*** Opening of Recorded data ***

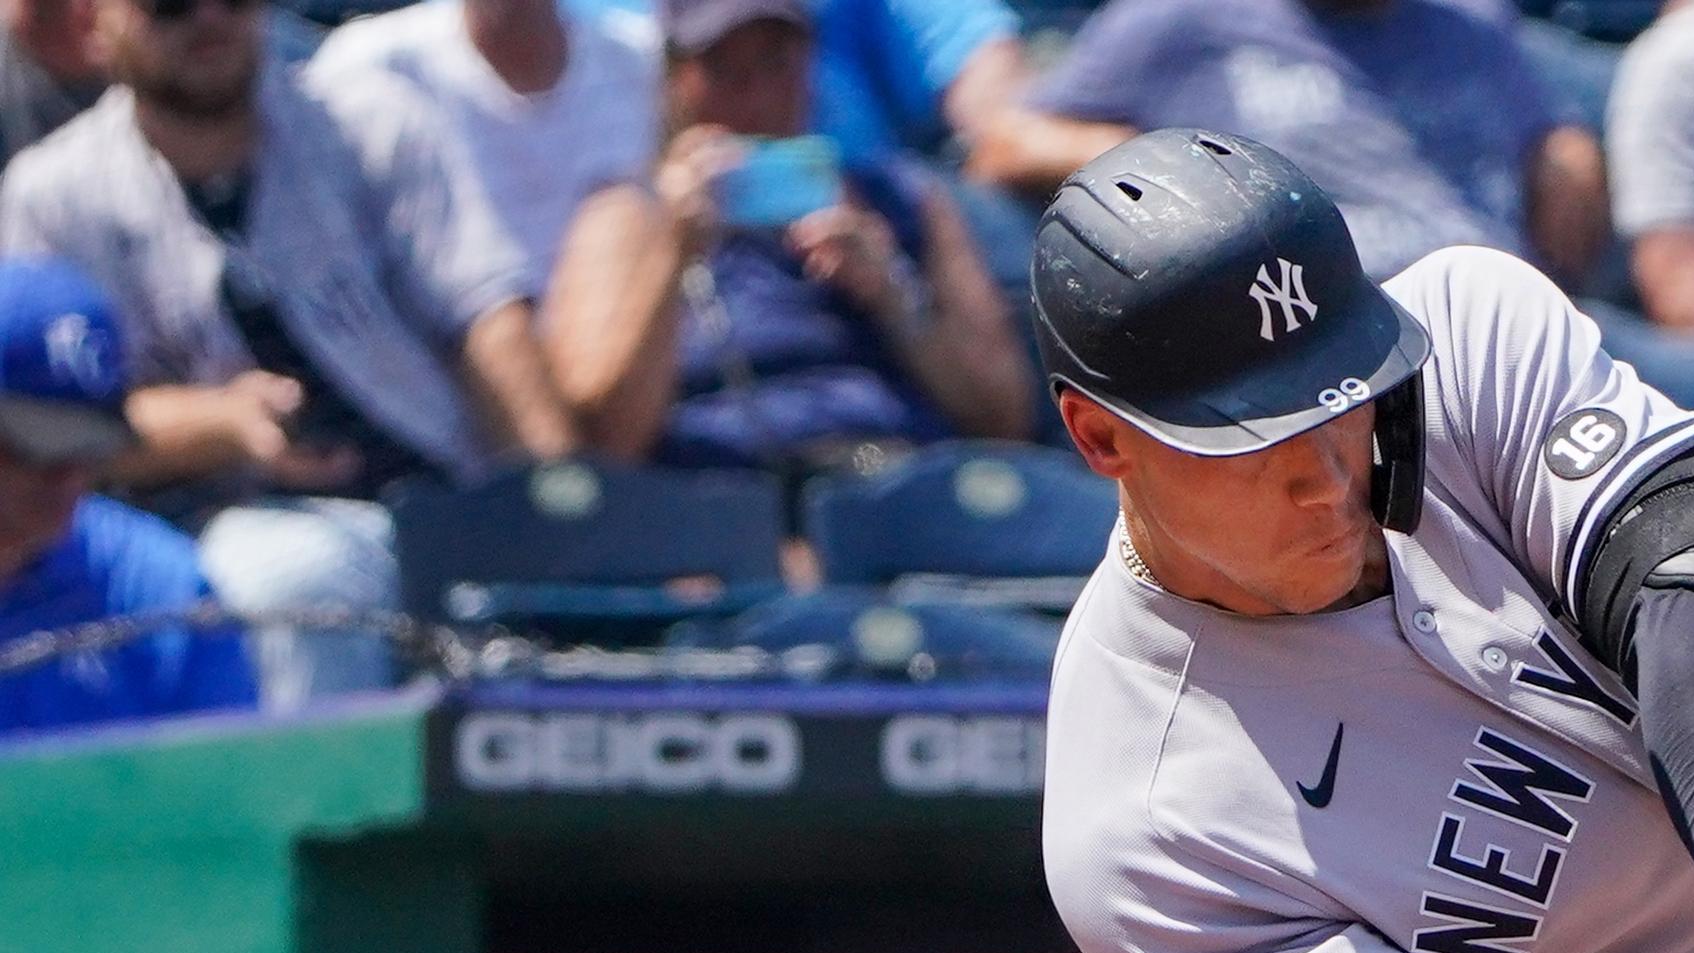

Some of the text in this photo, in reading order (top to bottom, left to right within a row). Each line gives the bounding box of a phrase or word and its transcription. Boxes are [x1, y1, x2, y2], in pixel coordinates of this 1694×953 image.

[1248, 257, 1318, 342] NY
[1317, 376, 1371, 413] 99
[1551, 414, 1618, 471] 16
[456, 712, 801, 791] GEICO

*** Close of Recorded data ***

Exercise objective —
This exercise needs every entry retyped exactly, with the pictures removed.

Written solution —
Some of the text in this photo, in reading order (top to bottom, left to right within a row). Each line gives the bounding box of a phrase or word and its transcription. Boxes are [x1, y1, x2, y2], in pixel coordinates of this 1694×953 image.

[1248, 257, 1318, 342] NY
[1317, 376, 1371, 413] 99
[1551, 414, 1618, 471] 16
[456, 712, 801, 791] GEICO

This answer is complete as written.